Medical Diagnosis of Blastomycosis?: Yes
Where Caught: Northern Minnesota, in either the Lake Vermilion area or Bemidji.
Symptoms: Charlie started with a cough. He woke us up one morning and it seemed strange since it wasn't provoked by eating or drinking anything. His cough started as if he was clearing his throat and then it would be followed with a dry cough-like gagging without any results. We assumed he had bronchitis or something similar and kept an eye on him. After 3-4 days, he began to lose his appetite and finally, when he wouldn't touch his treats, we knew something was wrong and took him to the vet right away. After diagnosis and during treatment, Charlie developed a runny nose and goopy eyes, lack of energy, depression, sore joints, stiffness, continued coughing (even a month later-though it became more of a wet cough), weight loss due to lack of appetite, increased thirst, poor posture, and loose stools. We are not sure if any of these symptoms are related to blasto itself, or as a side effect from his meds.
Treatment: Charlie was tested right away for blastomycosis because we had mentioned to the vet that we had traveled north recently. They kept Charlie for the day and did x-rays and bloodwork. When we came back to pick him up, we got to see the x-rays, which showed some fuzziness in the lungs–a sort of spiderweb-like pattern that made the distinction of his heart blurry. They kept him to do a tracheal wash to test for what the substance was in his lungs and we were sent home without any meds. Two days later, he was given the diagnosis of blastomycosis and put on itraconazole at 200 mg twice daily for the first 5 days, and then 200 mg once daily for the next 60 days with a check-up in 4 days to monitor his progress on the meds and in one month for more x-rays and bloodwork. At his first check-up in a few days, they prescribed an antibiotic for 2 weeks to help prevent the normal bacteria in his airways from causing pneumonia while his lungs were susceptible. A week later, we returned to the vet because of his watery, goopy eyes and he was given a steroidal ointment to put in his eyes twice daily for about 10 days.
Cost of Treatment: We purchased a wellness plan through our vet to help defray costs and cover the x-rays and hospitalization. Our first experience in purchasing the itraconazole found us looking at other options due to the price. We ordered compounded itra, but our vet, who had an assistant still at the U of M, did not recommend the compounded formula and so we ordered itra through an online pharmacy that was much cheaper than in the states. Vet costs to-date: $1000; Pharmacy costs to-date: $600; + a grocery shopping spree to load up on foods that might help Charlie eat.

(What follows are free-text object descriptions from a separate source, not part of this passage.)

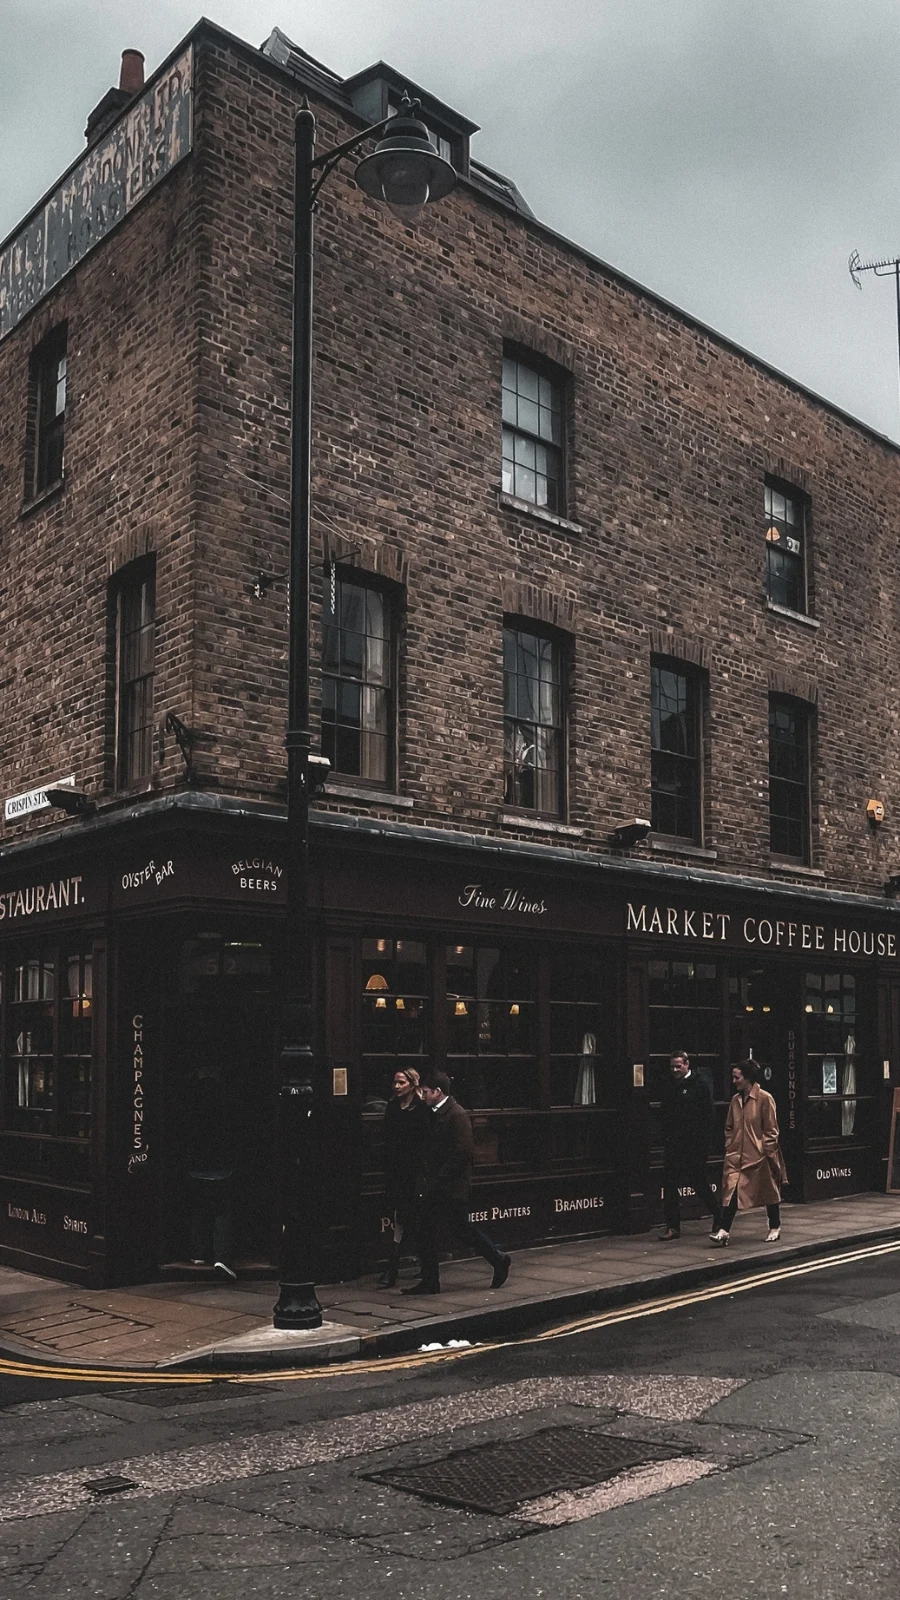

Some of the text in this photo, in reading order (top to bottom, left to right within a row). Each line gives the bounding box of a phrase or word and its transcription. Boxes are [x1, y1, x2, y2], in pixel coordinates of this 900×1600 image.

[7, 793, 33, 815] CRISPIN
[121, 860, 175, 890] OYSTER BAR
[231, 857, 283, 878] BELGIAN
[240, 877, 278, 891] BEERS
[458, 884, 548, 914] Fine Wines
[626, 903, 897, 957] MARKET COFFEE HOUSE
[132, 1014, 144, 1149] CHAMPAGNES
[788, 1030, 796, 1129] BURGUNDIES
[128, 1152, 148, 1165] AND
[816, 1167, 852, 1180] OLD WINES
[8, 1203, 47, 1225] LONDON ALES
[468, 1206, 531, 1223] EESE PLATTERS
[554, 1196, 604, 1213] BRANDIES
[63, 1215, 88, 1234] SPIRITS

Additional Comments: After lots of research on a dog's diet, we switched Charlie to Solid Gold's Barking at the Moon due to the high protein/high fat content which would help him gain weight and is grain-free. We learned dogs can't digest grains. We also learned that garlic is a natural anti-fungal and began coating his food with dried garlic (not cooked because it loses its anti-fungal properties) and made sure not to feed him any sugars since we read that blasto feeds on sugar. We have had to force-feed Charlie three times a day in order to keep his weight (and what energy he has) up.